Der Flussregenpfeifer drohte einem weiteren Unternehmen mit Baustopp seines neuen Firmensitzes auf Phoenix-West. Doch TMM hat sich etwas Pfiffiges einfallen lassen.

Dortmund

, 21.04.2019 / Lesedauer: 3 min

Als Prof. Dr. Michael Hoffmann am 20. Februar 2019 einen Flussregenpfeifer auf dem Eckgrundstück erblickte, das er für den Bau seiner neuen Firmenzentrale auf Phoenix-West gekauft hat, wurde ihm etwas blümerant. Schließlich hatte der bodenbrütende Vogel bereits vor vier Jahren den Bau der Nordwest Handel AG um ein halbes Jahr verzögert.

Hätte der Flussregenpfeifer mit dem Nestbau auf dem sandig-steinigen Gelände begonnen, wäre Hoffmanns Familienunternehmen TMM ebenfalls von einem vorübergehenden Baustopp bedroht gewesen. Die Stadt habe ihm empfohlen, einen Zaun um das Gelände zu ziehen und Fuchsköpfe auf die Innenseite des Zauns zu malen, berichtet Hoffmann, das möge der Flussregenpfeifer nicht. Doch sein Sohn kam auf eine bessere Idee: Er ließ die Fläche kurzerhand mit einer Plane abdecken – und das Grundstück an der Carlo-Schmidt-Allee 13 wurde tatsächlich vom Flussregenpfeifer verschont.

Vor 35 Jahren nach Dortmund gekommen

So konnte am Donnerstag (18. 4.) wie geplant der erste Spatenstich für das 10-Millionen-Euro-Invest erfolgen, dem eine interessante Geschichte vorausgeht. „Vor fast 35 Jahren bin ich nach Dortmund gekommen“, erzählte der Firmengründer vor Ort, angelockt von der Vision des ehemaligen Hoesch-Chefs Dr. Detlev-Karsten Rohwedder, der schon damals überzeugt war, dass man auf Stahl allein keine Zukunft bauen kann, sondern in neue Technologien investieren muss.

1991 machte sich Hoesch-Manager Hoffmann, der mit mbp für das erste Software-Haus Deutschlands verantwortlich war, selbstständig und gründete die TMM als Gesellschaft für Unternehmensbeteiligungen und Beratung. 2002 traten seine drei Söhne als Geschäftsführende Gesellschafter in die Familiengesellschaft ein. TMM ist heute schwerpunktmäßig mit Beteiligungen auf den Segmenten IT, Baugewerbe und Gesundheitswesen tätig.

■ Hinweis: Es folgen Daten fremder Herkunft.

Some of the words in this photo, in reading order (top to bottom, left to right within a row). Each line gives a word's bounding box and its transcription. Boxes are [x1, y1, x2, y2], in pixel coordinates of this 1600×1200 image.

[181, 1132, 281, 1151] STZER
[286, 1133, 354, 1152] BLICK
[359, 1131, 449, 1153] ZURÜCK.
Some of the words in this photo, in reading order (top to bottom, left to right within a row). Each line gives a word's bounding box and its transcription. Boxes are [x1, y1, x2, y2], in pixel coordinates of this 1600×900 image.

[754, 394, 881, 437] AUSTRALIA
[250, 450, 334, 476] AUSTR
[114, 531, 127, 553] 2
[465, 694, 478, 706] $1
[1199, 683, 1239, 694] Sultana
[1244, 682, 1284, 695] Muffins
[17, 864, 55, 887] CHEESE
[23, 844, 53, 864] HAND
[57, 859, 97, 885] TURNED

TMM hat zum Start seines 10-Millionen-Baus den Flussregenpfeifer ausgetrickst

Beim Spatenstich für das TMM-Forum auf Phoenix-West (v.l.): Thorsten Schenk (Goldbeck), Jürgen Beissner (Dortmunder Volksbank), OB Ullrich Sierau, Dr. Wolf Hoffmann (TMM), Ulf Wollrath (IHK), Prof. Dr. Michael Hoffmann (TMM) und Enkel Karl Hoffmann. © Gaby Kolle

Interessante Nachbarschaft

Der Blick in die künftige Nachbarschaft auf Phoenix-West weckt bei Prof. Michael Hoffmann viele Erinnerungen. Gleich mehrere Firmen dort sind aus mbp hervorgegangen. „Diese Nachbarschaft ist für uns interessant“, so Hoffmann, „wir haben uns das Grundstück richtig ausgeguckt.“ Gekauft hat TMM das 7400 Quadratmeter große Areal im Januar 2019 von NRW.Urban.

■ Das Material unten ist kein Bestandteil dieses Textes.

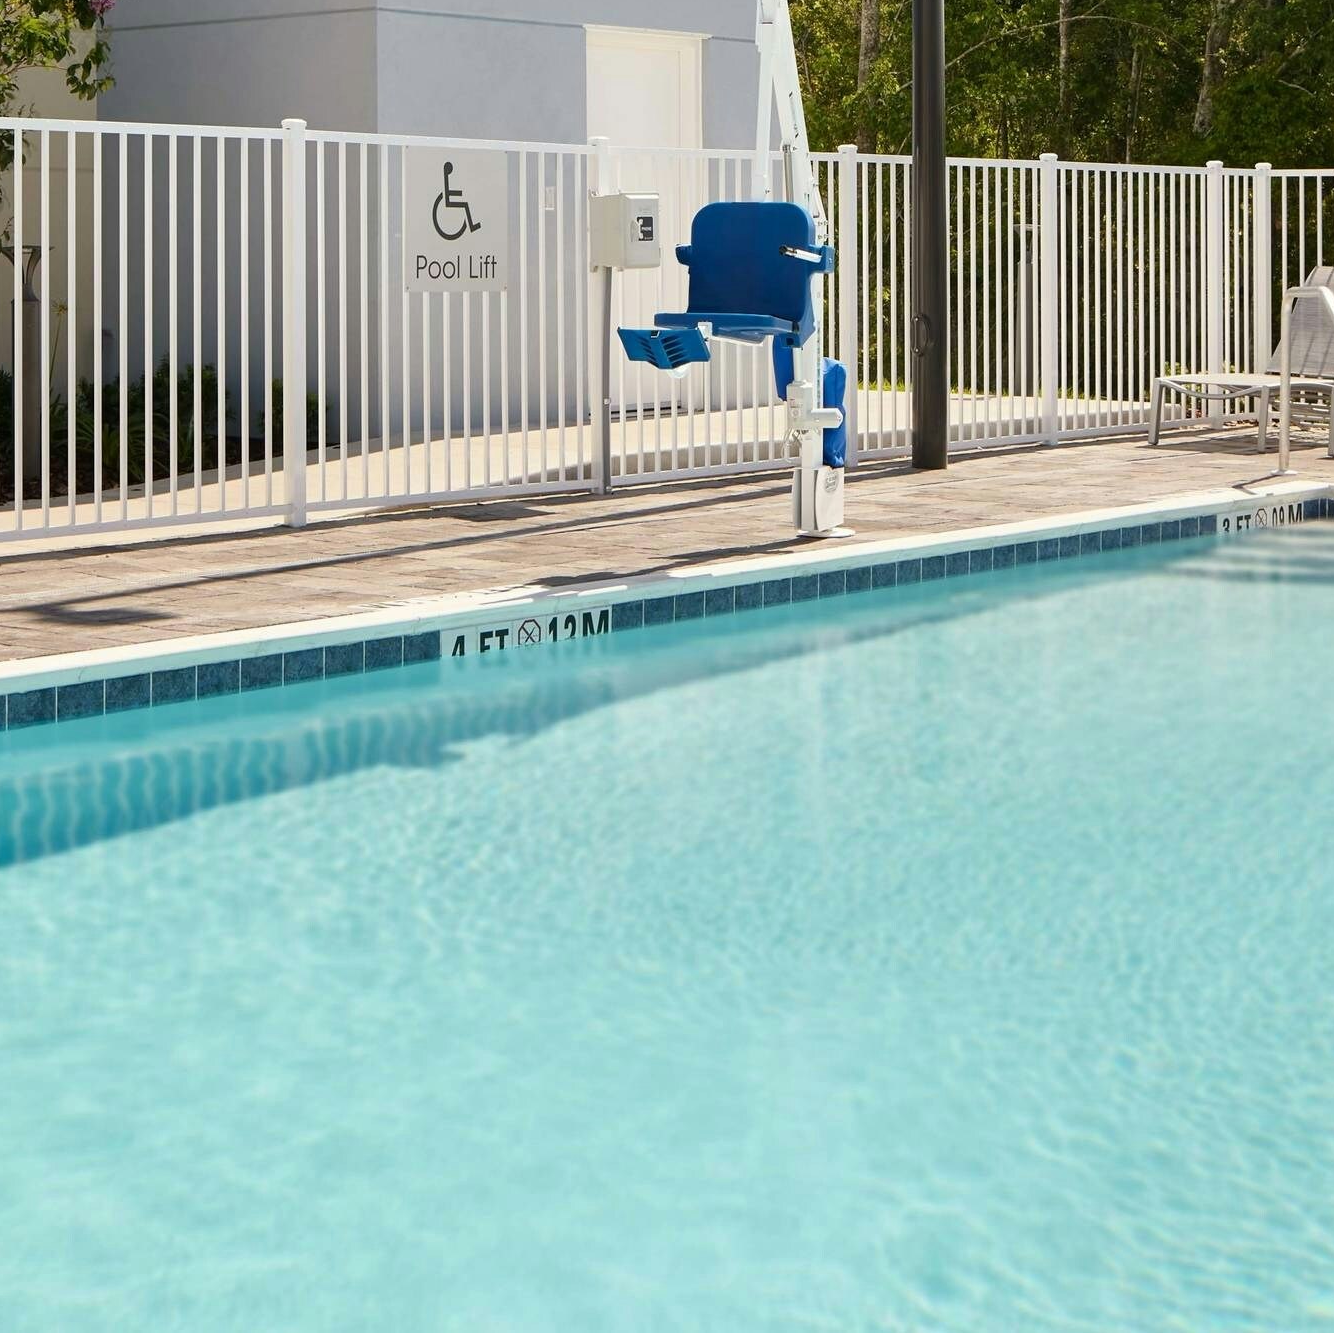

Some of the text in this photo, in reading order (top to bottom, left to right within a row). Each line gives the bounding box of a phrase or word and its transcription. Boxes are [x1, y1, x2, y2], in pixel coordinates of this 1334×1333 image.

[416, 255, 497, 279] Pool Lift
[1236, 513, 1252, 532] FT
[479, 628, 509, 653] FT

Bislang ging alles zügig voran. „Der erste Anruf von Prof. Hoffmann kam am 5. März 2018. Mit Gestaltungsbeirat und Baugenehmigung haben wir das innerhalb eines Jahres hingekriegt. Das haben wir selten“, resümiert Pascal Ledune, Vize-Geschäftsführer der Wirtschaftsförderung Dortmund.

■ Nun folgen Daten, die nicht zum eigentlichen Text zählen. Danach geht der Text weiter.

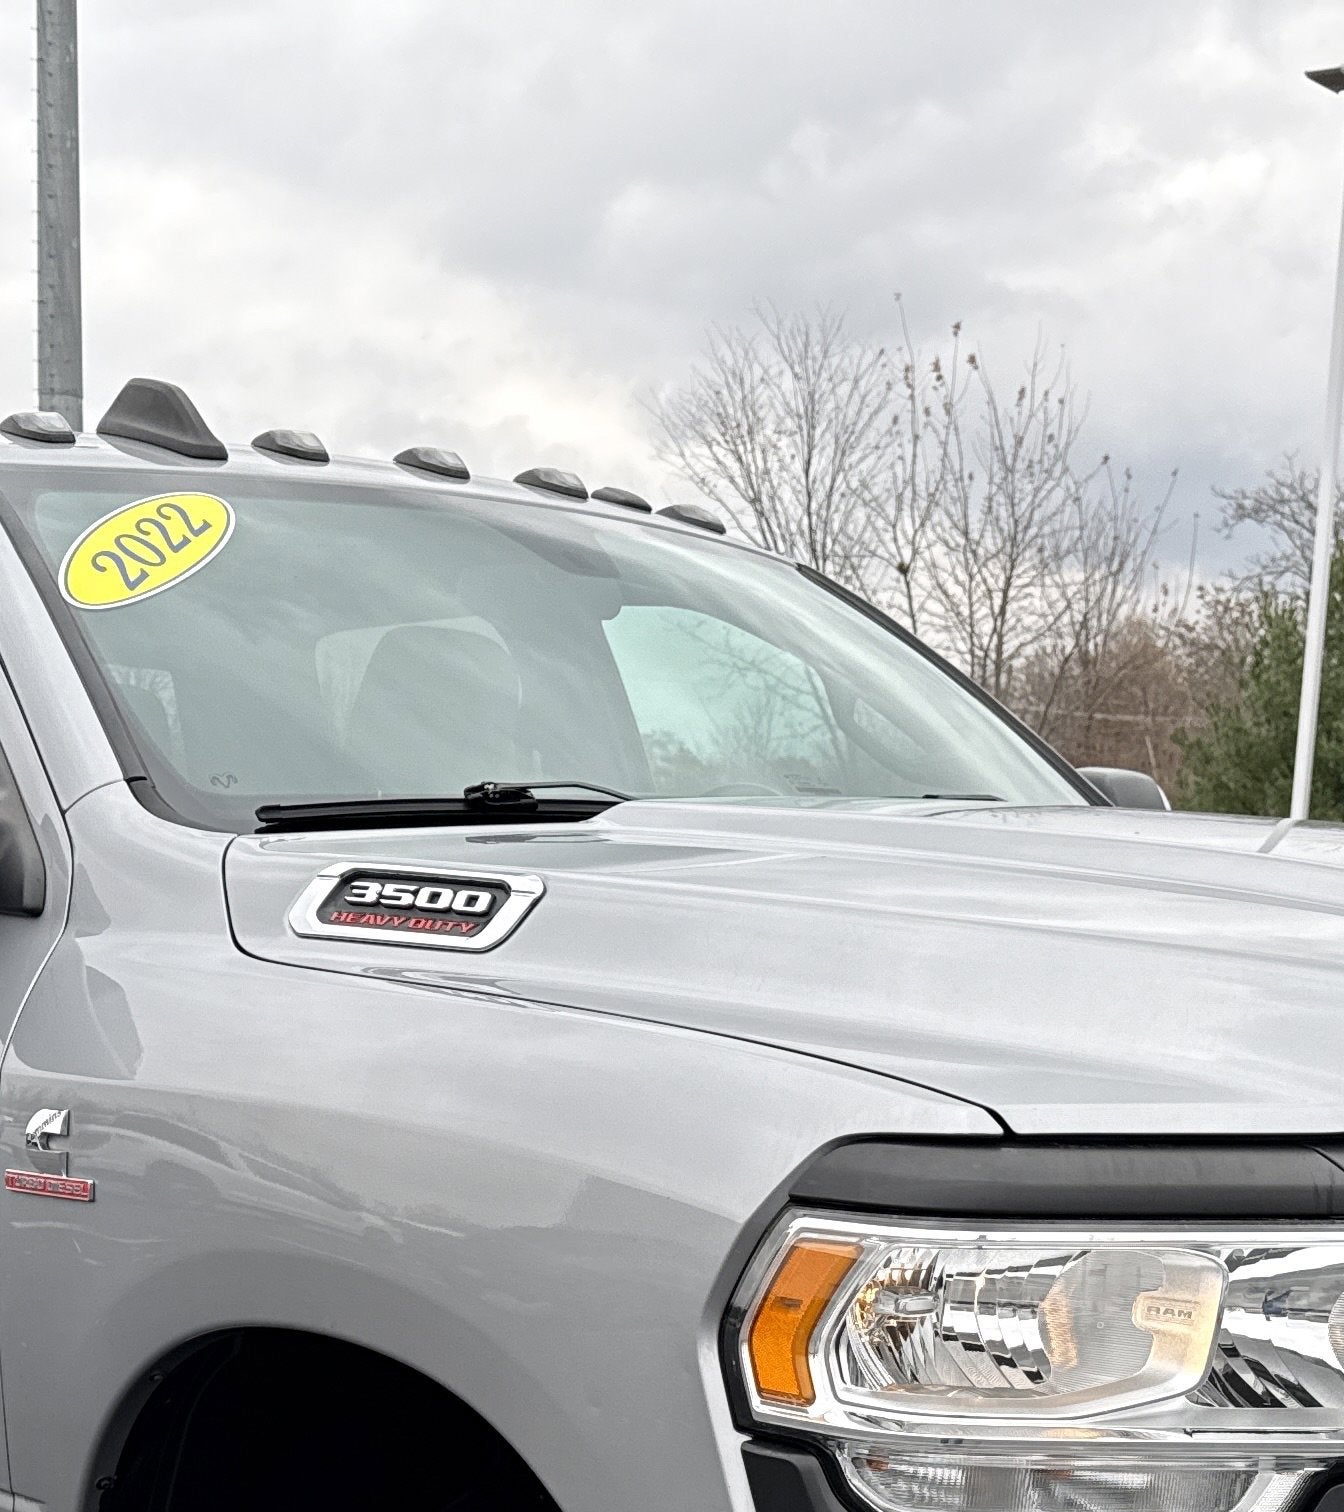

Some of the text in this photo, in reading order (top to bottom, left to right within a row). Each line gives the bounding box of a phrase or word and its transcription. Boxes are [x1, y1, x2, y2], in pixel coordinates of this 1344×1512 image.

[90, 502, 213, 592] 2022
[343, 880, 497, 917] 3500
[329, 911, 479, 938] HEAVY DUTY
[1146, 1305, 1193, 1319] RAM
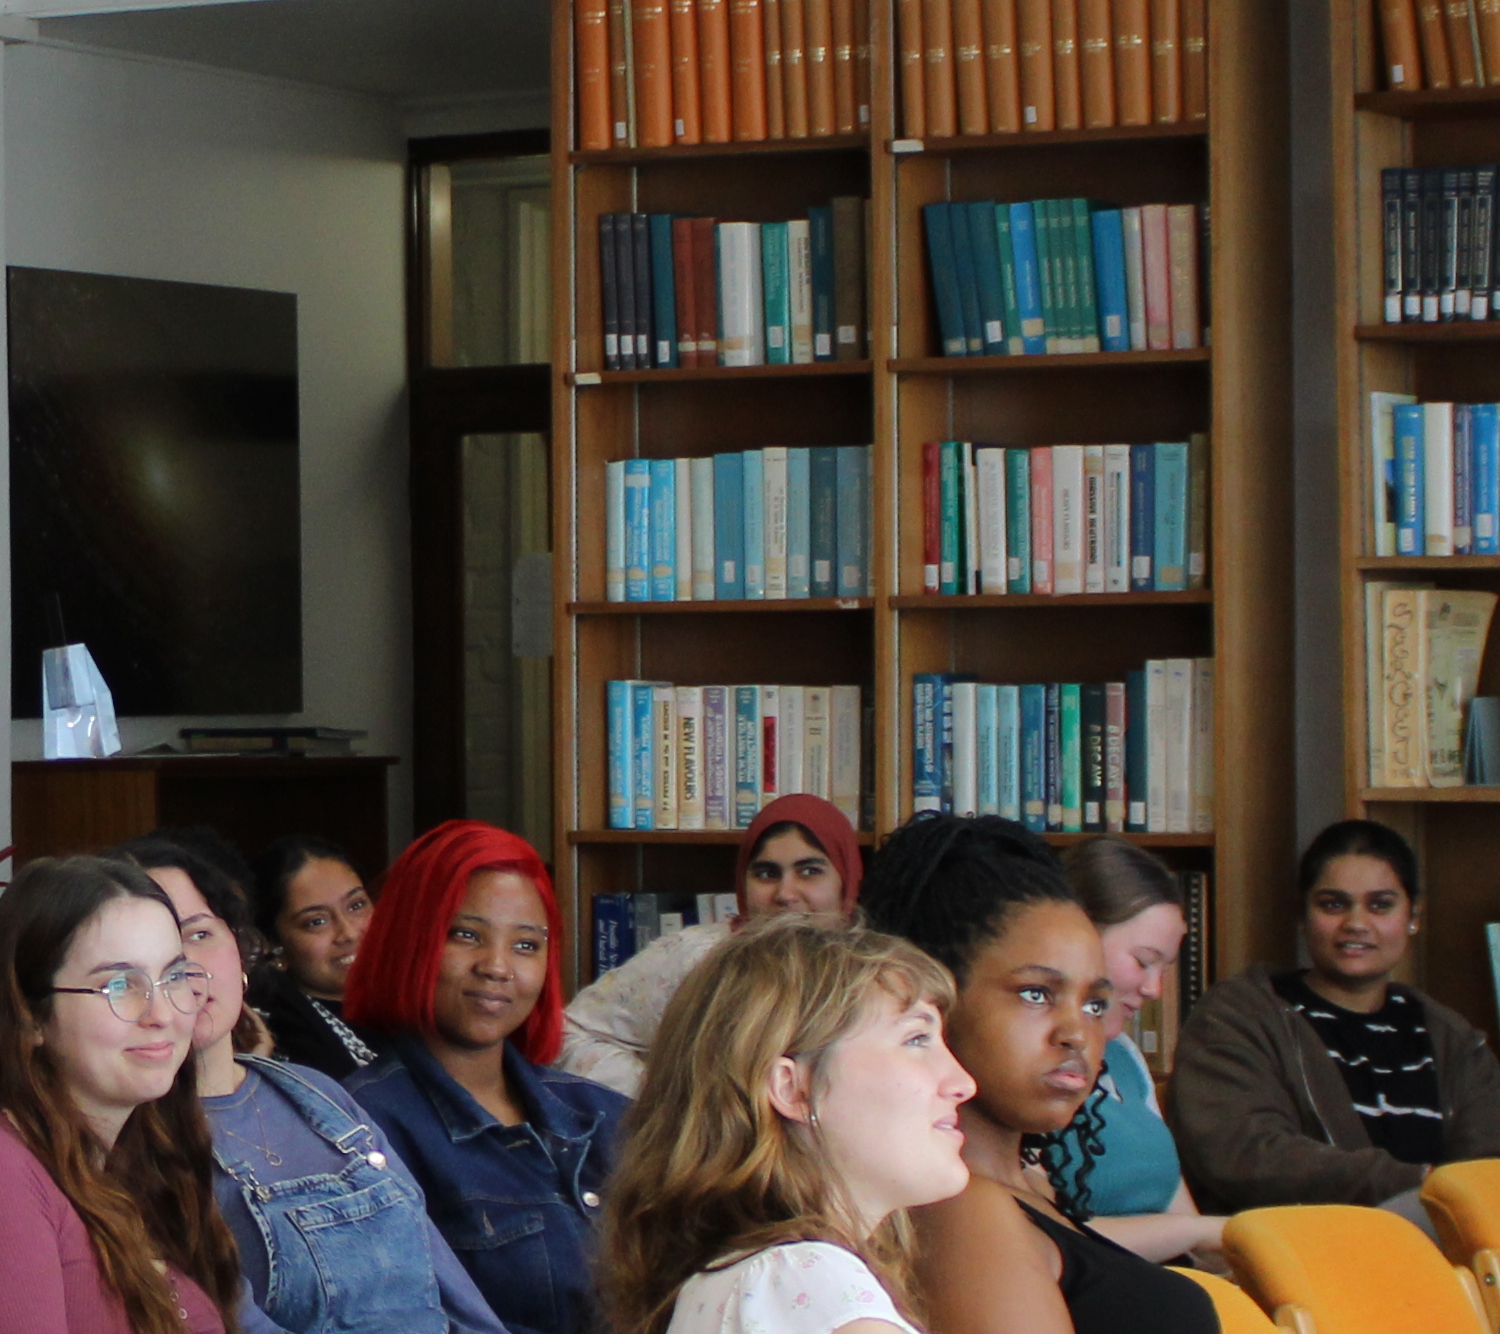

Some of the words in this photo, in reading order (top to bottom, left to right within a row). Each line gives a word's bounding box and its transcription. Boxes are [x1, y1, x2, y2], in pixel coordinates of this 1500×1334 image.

[683, 717, 695, 743] NEW
[684, 745, 697, 802] FLAVOURS
[1090, 736, 1101, 787] DECAYS
[1108, 736, 1120, 789] DECAYS

Zweiter Bauabschnitt ist vorgesehen

Die Wirtschaftsförderung habe TMM auf dem Weg „sehr gradlinig begleitet“, stellte Dr. Wolf Hoffmann fest. TMM gebe nicht nur mit dem Gebäude ein Bekenntnis zu Dortmund ab, sondern auch mit unternehmerischen Aktivitäten, so Wolf Hoffmann, „wir werden den Standort mit Mitarbeitern bereichern.“ „Und mit Gewerbesteuern“, ergänzte sein Vater. Auch das bauausführende Generalunternehmen Goldbeck wird mit der Fertigstellung Mitte 2020 dort seine neue Geschäftsstelle Dortmund eröffnen. Darüber hinaus ist ein zweiter Bauabschnitt vorgesehen.

Oberbürgermeister Ullrich Sierau bezeichnete das Bauvorhaben als „grandios und vorbildlich. Das sprengt hier alle Maßstäbe“, sagte er auch mit Blick auf den Riesenspaten, der für das obligatorische Spatenstichfoto im Sandhaufen steckte. Das ökologisch und nachhaltig ausgerichtete Gebäude bietet Platz für variabel gestaltbare Bürolandschaften, ein 17 Meter hohes, lichtes Foyer für bis zu 100 Besucher, ein Bistro für Mieter und Anrainer, einen Fitnessraum und Konferenzräume im Erdgeschoss.